The logarithm of a number to a given base is the power or exponent to which the base must be raised in order to produce the number. Logarithms were invented by two men but separately. Napier invented his logarithms in 1614 with an algebraic approach. Burgi invented his logarithms in 1620 with a geometric approach. The objective of both men was to simplify mathematical calculations. Neither of those two men had a concept of a logarithmic base. The possibility of defining logarithms as exponents was recognized by John Wallis in 1685 and by Johann Bernoulli in 1694. Also it is important to mention that like multiplication is a shortcut for addition, logarithms are a shortcut for exponents.

Log _a b = c <==> a^c = b

- So as you can see, logarithms are a kind of shortcuts for exponents. In this logarithm a is the base;

- The base can’t be equal to one because 1 to the power of any number is equal to 1;

- It is also possible to make graphs out of these logarithms. There are two cases. The first case is if a>1 then the graph will look like "Graph 1", at the right.

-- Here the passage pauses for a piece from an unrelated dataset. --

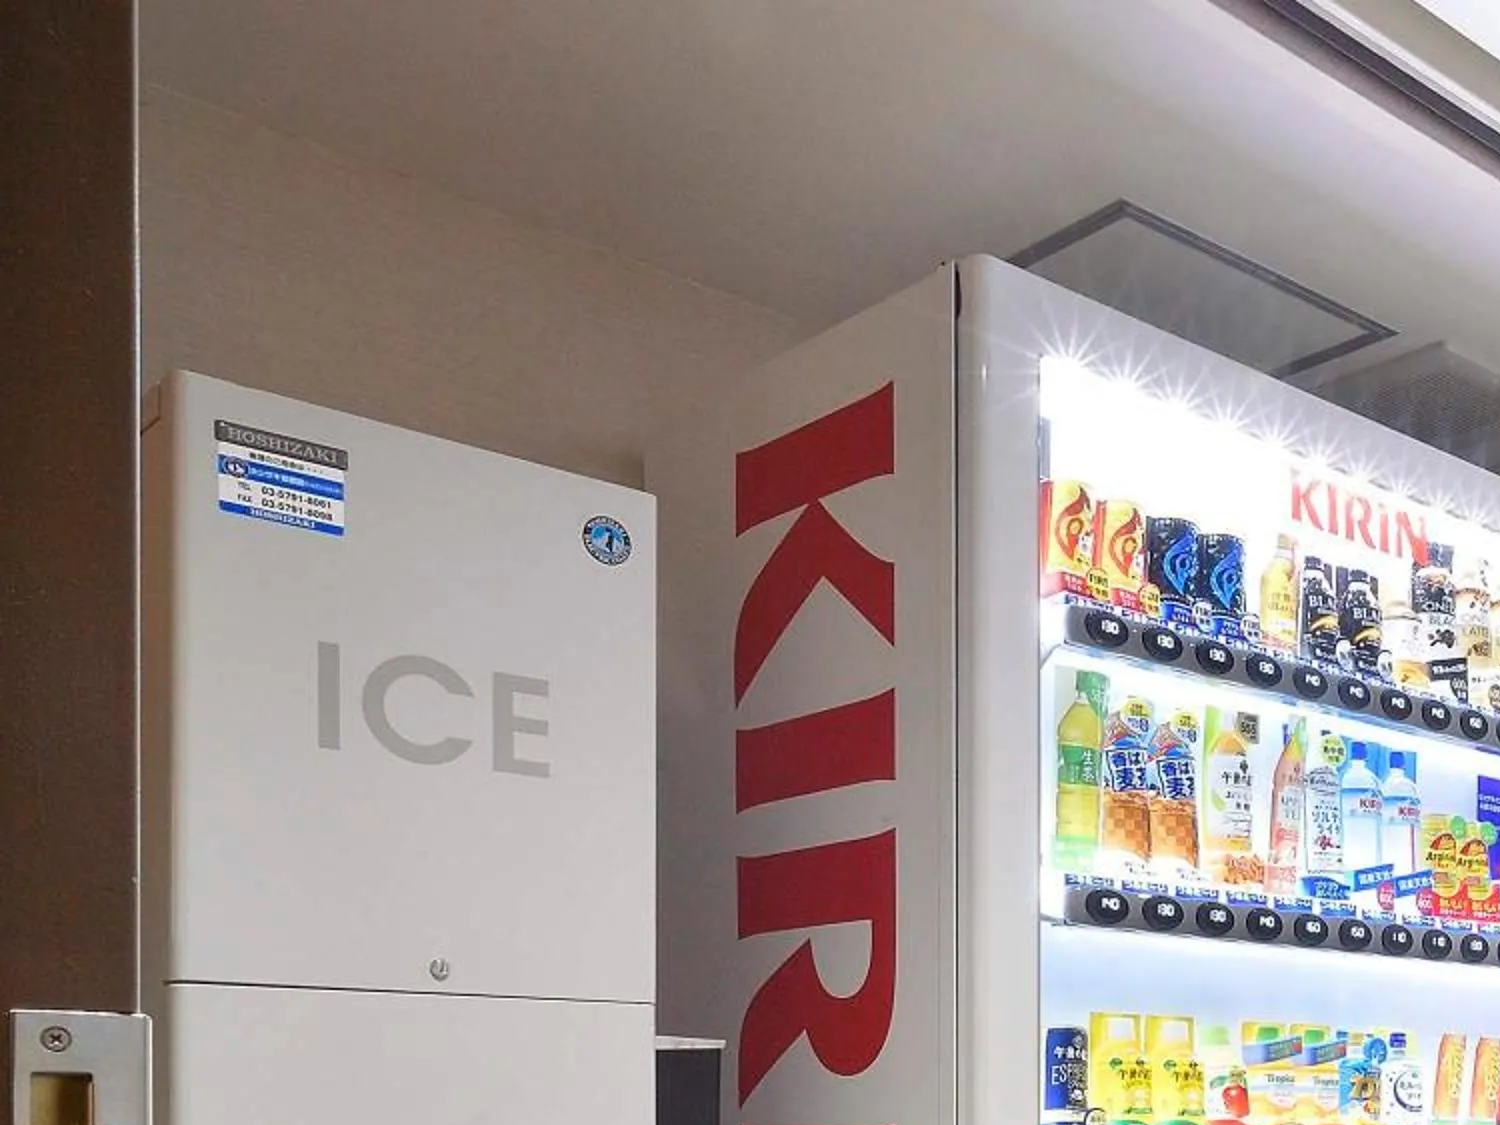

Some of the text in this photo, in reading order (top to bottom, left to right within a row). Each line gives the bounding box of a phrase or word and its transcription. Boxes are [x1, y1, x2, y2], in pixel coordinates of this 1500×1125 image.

[228, 427, 337, 462] HOSHIZAKI
[1291, 480, 1429, 567] KIRIN
[317, 640, 551, 779] ICE
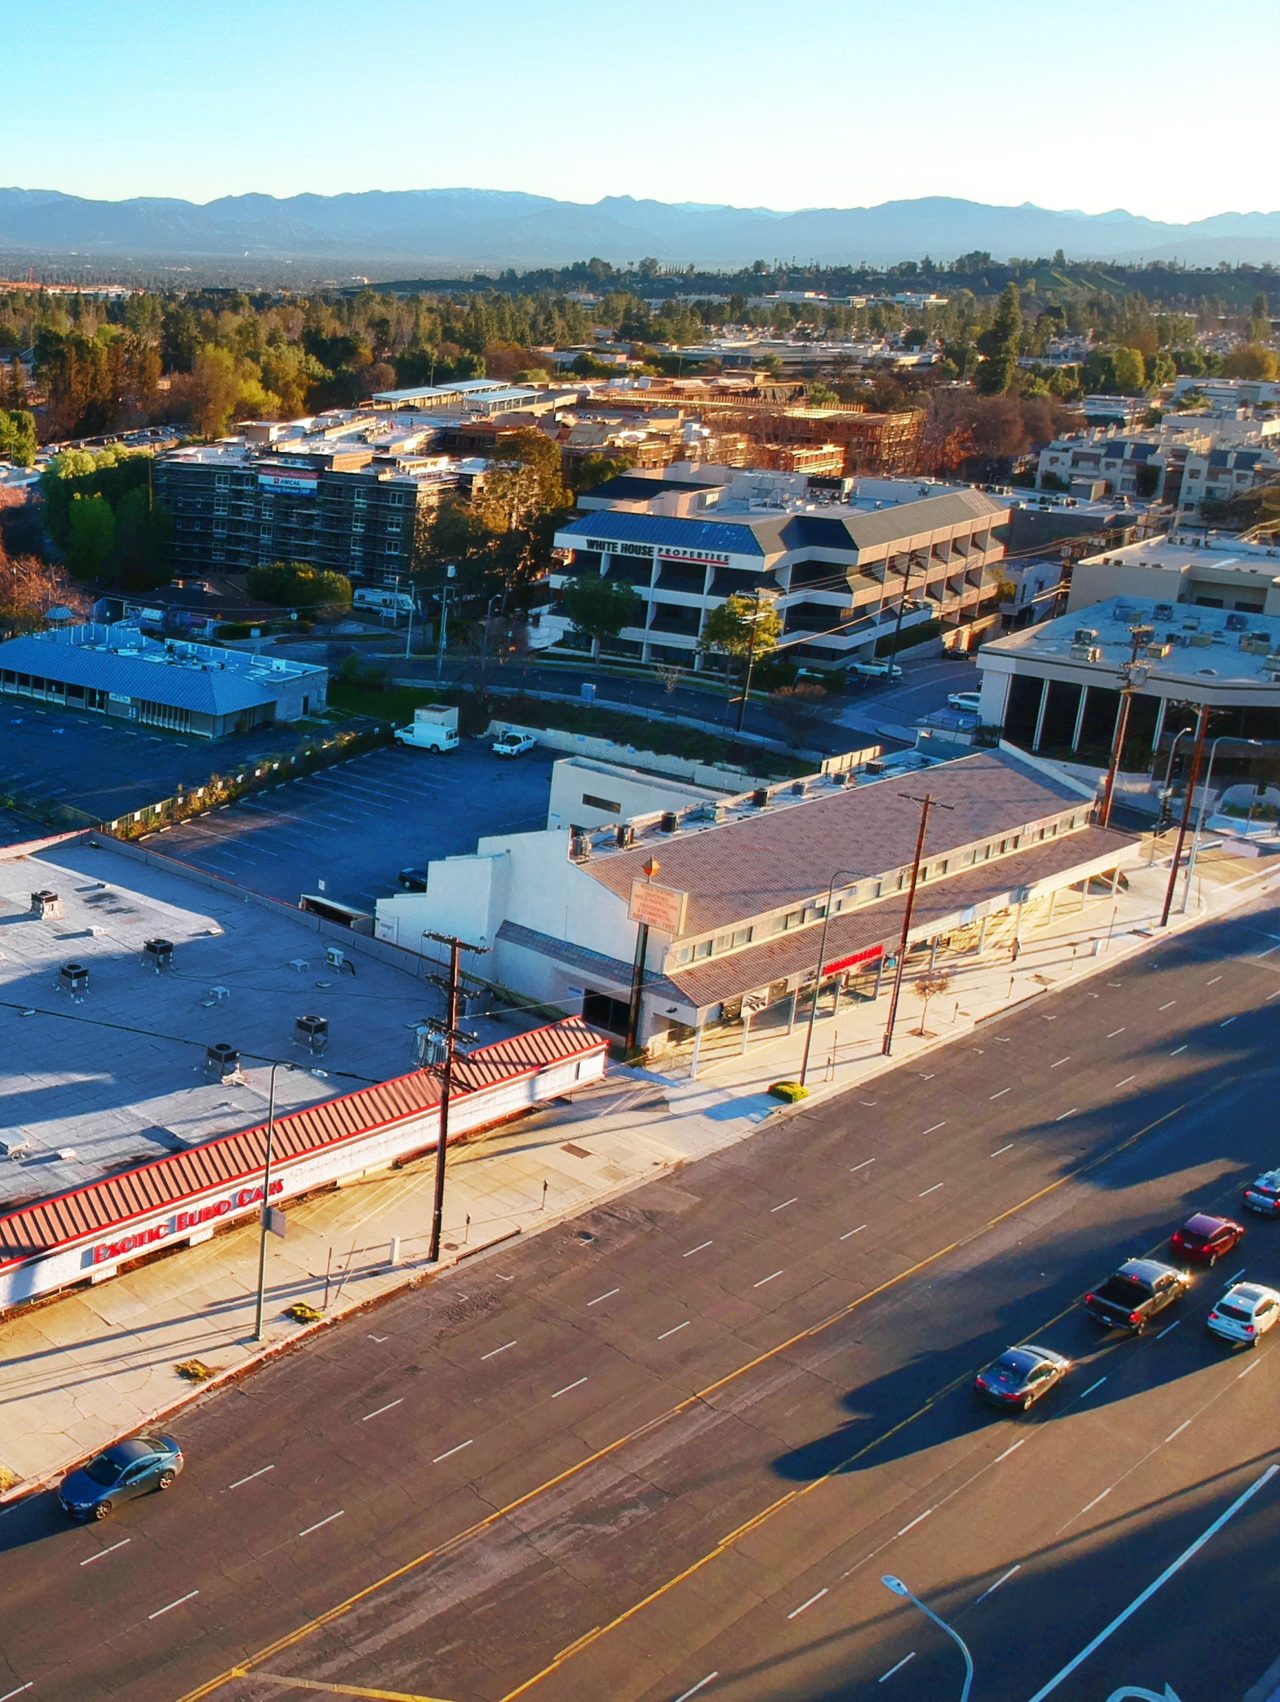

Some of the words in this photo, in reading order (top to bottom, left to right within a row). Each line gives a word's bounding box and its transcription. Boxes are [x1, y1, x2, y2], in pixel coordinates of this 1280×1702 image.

-the second case is when 0<a<1 then the graph looks like "Graph 2".

- The domain is R;

- The range is (0, +infinity)

Log_a 1= 0

-Every number is equal to 1 if you bring it to the power of 0;

Log_a a = 1

- Every number when brought to the power of 1 is equal to that number;

Log_a x/y = log_a x – log_a y

-if you have a fraction then the logarithm is equal to the logarithm of the numerator minus the logarithm of the denominator with the same base in both logarithms;

Log_a (x*y) = log_a x + log_a y

-if you have a fraction then the logarithm is equal to the logarithm of the numerator plus the logarithm of the denominator with the same base in both logarithms;

Log_a xⁿ = n*log_a x

-if you have an exponent then you can move that exponent in front og the logarithm multiplicating it all with 3;

Log_a x = log_b x / log_b a

-this rule is used when you for some reason need to change the base of the logarithm;

-Also logarithms can be:

• Common (logarithms with base 10)
• Natural (logarithms of base e)

• In chemistry
• In spectrometry and optics
• In psychophysics
• In computer science
• Musical intervals are measured logarithmically as semitones
• The Richter scale measures earthquake intensity on a base-10 logarithmic scale.
• In astronomy, the apparent magnitude measures the brightness of stars logarithmically, since the eye also responds logarithmically to brightness.
• In geometry the logarithm is used to form the metric for the half-plane model of hyperbolic geometry.